02:54:07 And they just live in space
02:54:08 with these massive collection optics so that they,
02:54:12 what do they do?
02:54:13 They just look out and experience that vast array
02:54:18 of what’s being developed.
02:54:22 And if you’re such a system,
02:54:25 presumably you would do some things for fun.
02:54:28 And the kind of fun thing I would do
02:54:31 as somebody who likes video games
02:54:33 is I would create and maintain
02:54:37 and observe something like earth.
02:54:42 So in some sense, we’re like all what players on a stage
02:54:47 for this superconducting cold computing system out there.
02:54:54 I mean, all of this is fascinating to think.
02:54:56 The fact that you’re actually designing systems
02:54:59 here on earth that are trying to push this technological
02:55:01 at the very cutting edge and also thinking about
02:55:04 how does the like the evolution of physical laws
02:55:09 lead us to the way we are is fascinating.
02:55:14 That coupling is fascinating.
02:55:15 It’s like the ultimate rigorous application of philosophy
02:55:20 to the rigorous application of engineering.
02:55:23 So Jeff, you’re one of the most fascinating.
02:55:26 I’m so glad I did not know much about you
02:55:29 except through your work.
02:55:30 And I’m so glad we got this chance to talk.
02:55:34 You’re one of the best explainers
02:55:37 of exceptionally difficult concepts.
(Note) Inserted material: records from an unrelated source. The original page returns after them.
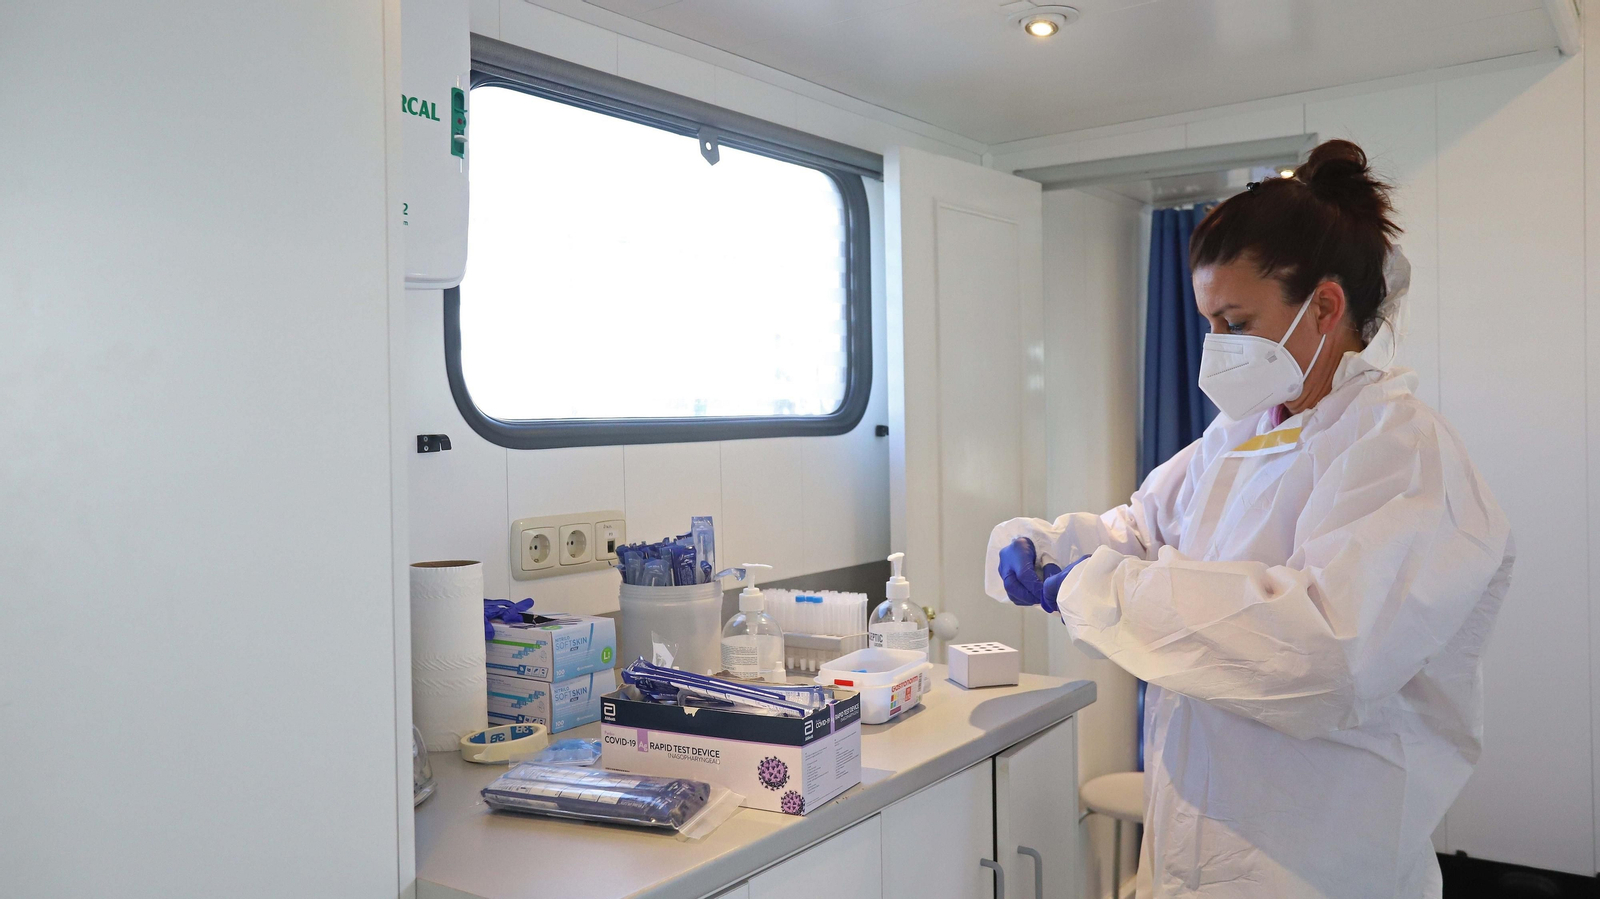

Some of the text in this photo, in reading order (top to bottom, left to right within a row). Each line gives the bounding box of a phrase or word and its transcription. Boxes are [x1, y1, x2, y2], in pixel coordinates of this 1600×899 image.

[555, 636, 588, 651] SOFTSKIN
[553, 686, 570, 694] NITRILO
[554, 686, 588, 702] SOFTSKIN
[490, 732, 505, 743] 3B
[604, 735, 720, 758] COVID-19 Ag RAPID TEST DEVICE
02:55:40 And you’re also, speaking of like fractal,
02:55:44 you’re able to function intellectually
02:55:46 at all levels of the stack, which I deeply appreciate.
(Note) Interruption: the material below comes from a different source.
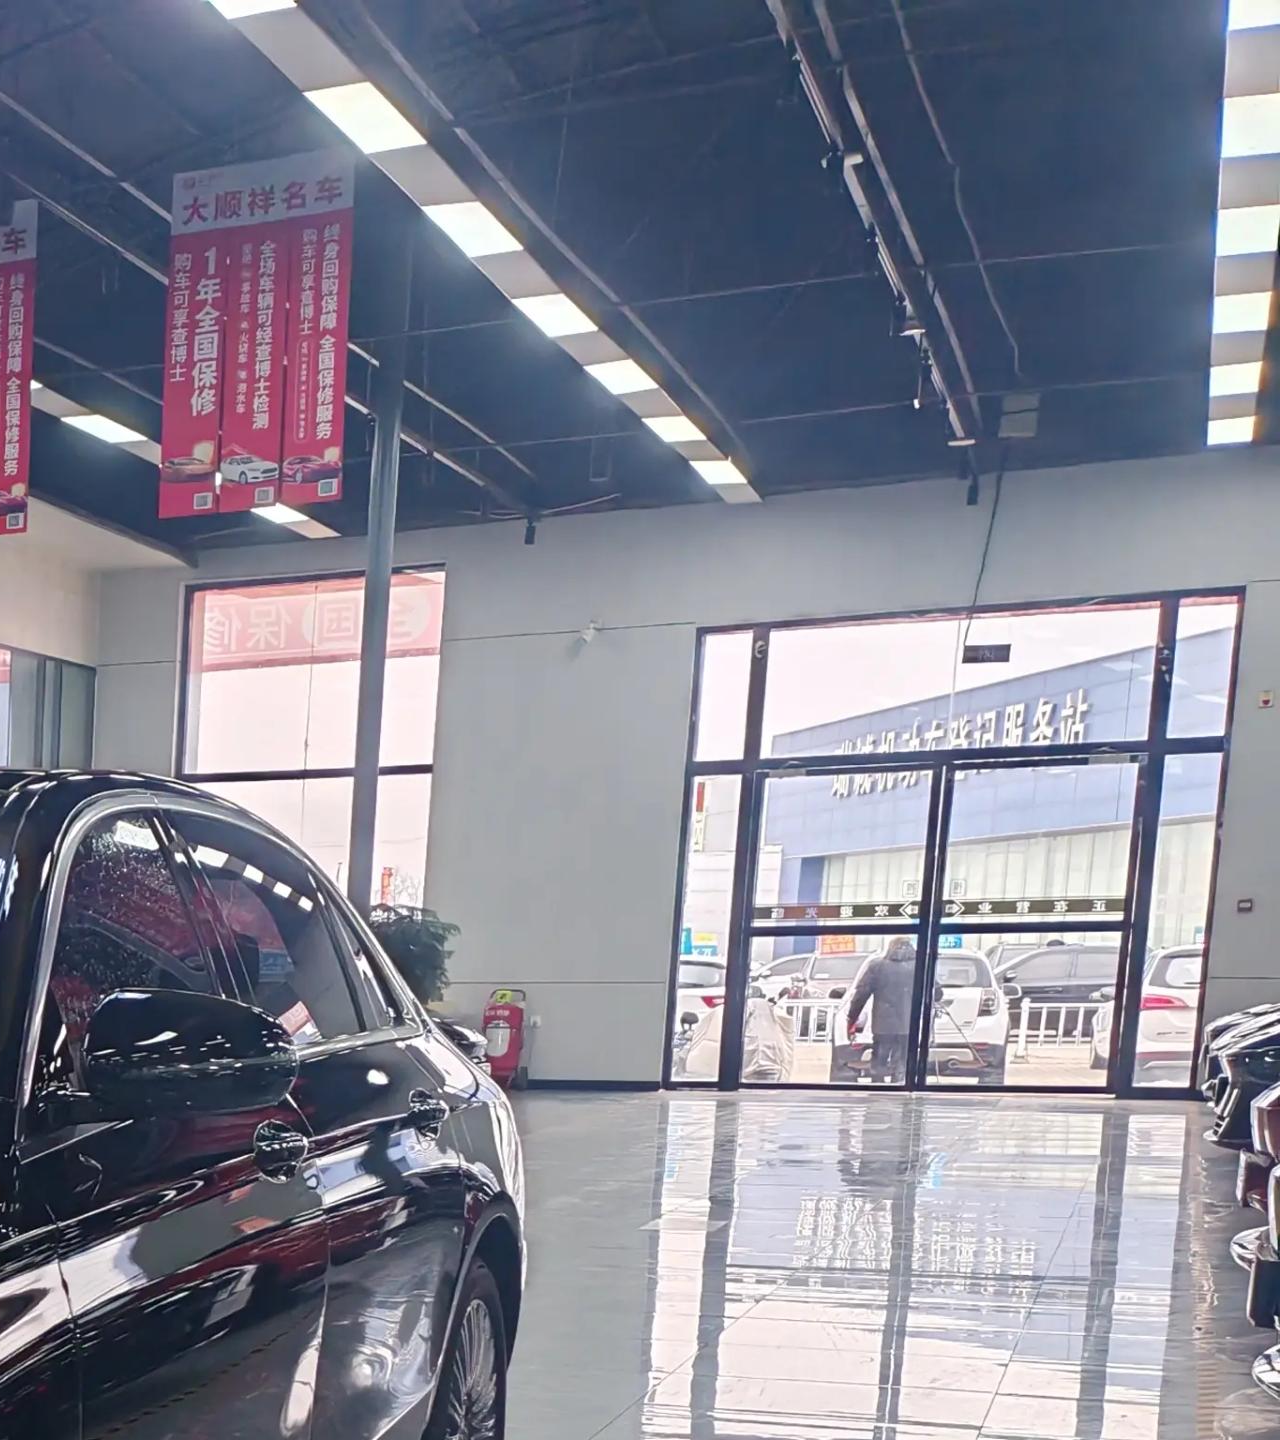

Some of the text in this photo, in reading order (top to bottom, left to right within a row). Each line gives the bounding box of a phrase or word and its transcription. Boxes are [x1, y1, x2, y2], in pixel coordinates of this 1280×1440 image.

[182, 176, 343, 226] 大顺祥名车
[191, 247, 222, 417] 1年全国保修
[316, 334, 337, 440] 全国保修服务
02:55:50 This was really fun.
02:55:51 You’re a great educator, a great scientist.
02:55:53 It’s an honor that you would spend
02:55:56 your valuable time with me.
02:55:57 It’s an honor that you would spend your time with me as well.
02:56:00 Thanks, Jeff.
02:56:01 Thanks for listening to this conversation
02:56:03 with Jeff Schoenlein.
02:56:05 To support this podcast,
02:56:06 please check out our sponsors in the description.
02:56:09 And now let me leave you with some words
02:56:12 from the great John Carmack,
02:56:14 who surely will be a guest on this podcast soon.
02:56:18 Because of the nature of Moore’s Law,
02:56:20 anything that an extremely clever graphics programmer
02:56:22 can do at one point can be replicated
02:56:26 by a merely competent programmer
02:56:27 some number of years later.